Collected data:

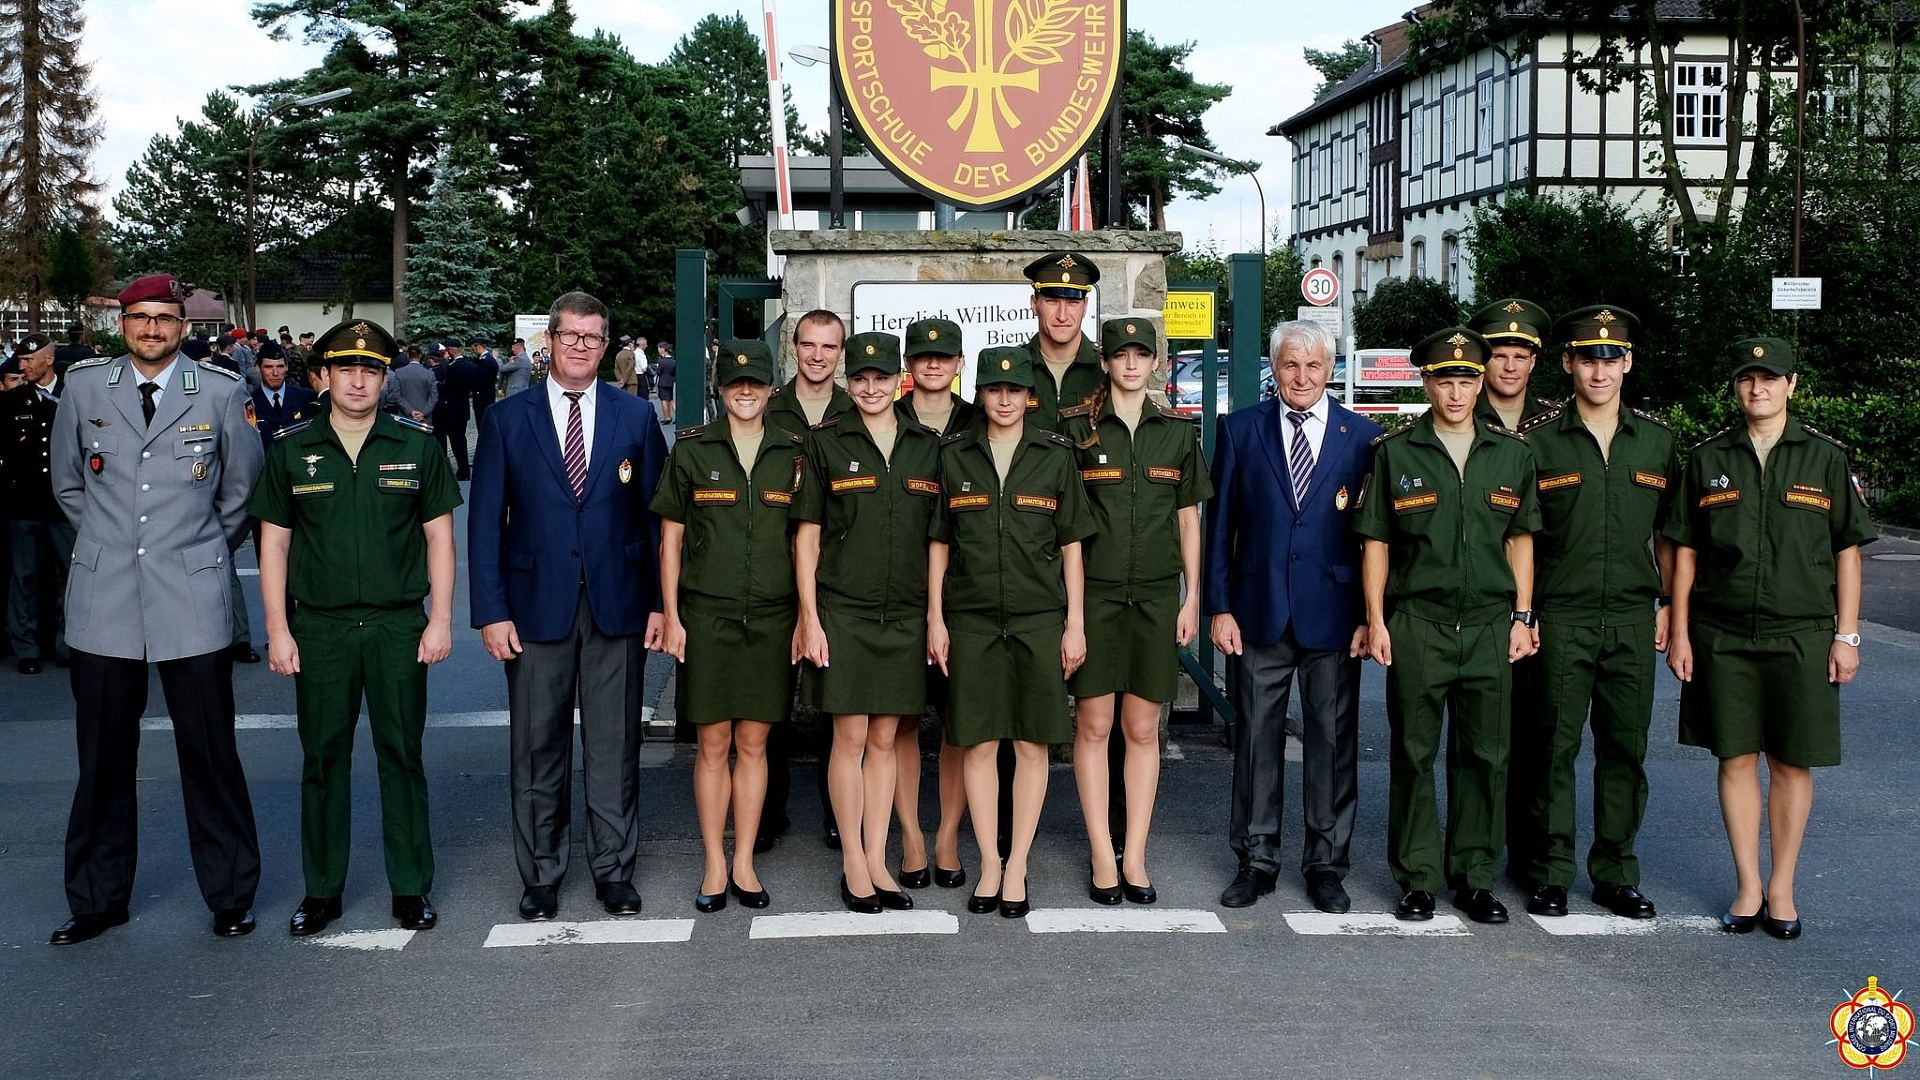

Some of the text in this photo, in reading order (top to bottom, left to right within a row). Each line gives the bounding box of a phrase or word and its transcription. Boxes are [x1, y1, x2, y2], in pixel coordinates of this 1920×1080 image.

[851, 1, 1106, 188] SPORTSCHULE DER BUNDESWEHR
[1310, 279, 1331, 295] 30
[1165, 298, 1206, 310] inweis
[956, 305, 1037, 324] Willkom
[986, 328, 1034, 345] Bienv
[1361, 369, 1413, 380] undeswehr

(The task) Except for the pictures, set down all of the records exactly.

(Exercise solution)
Some of the text in this photo, in reading order (top to bottom, left to right within a row). Each line gives the bounding box of a phrase or word and its transcription. Boxes are [x1, y1, x2, y2], in pixel coordinates of this 1920×1080 image.

[851, 1, 1106, 188] SPORTSCHULE DER BUNDESWEHR
[1310, 279, 1331, 295] 30
[1165, 298, 1206, 310] inweis
[956, 305, 1037, 324] Willkom
[986, 328, 1034, 345] Bienv
[1361, 369, 1413, 380] undeswehr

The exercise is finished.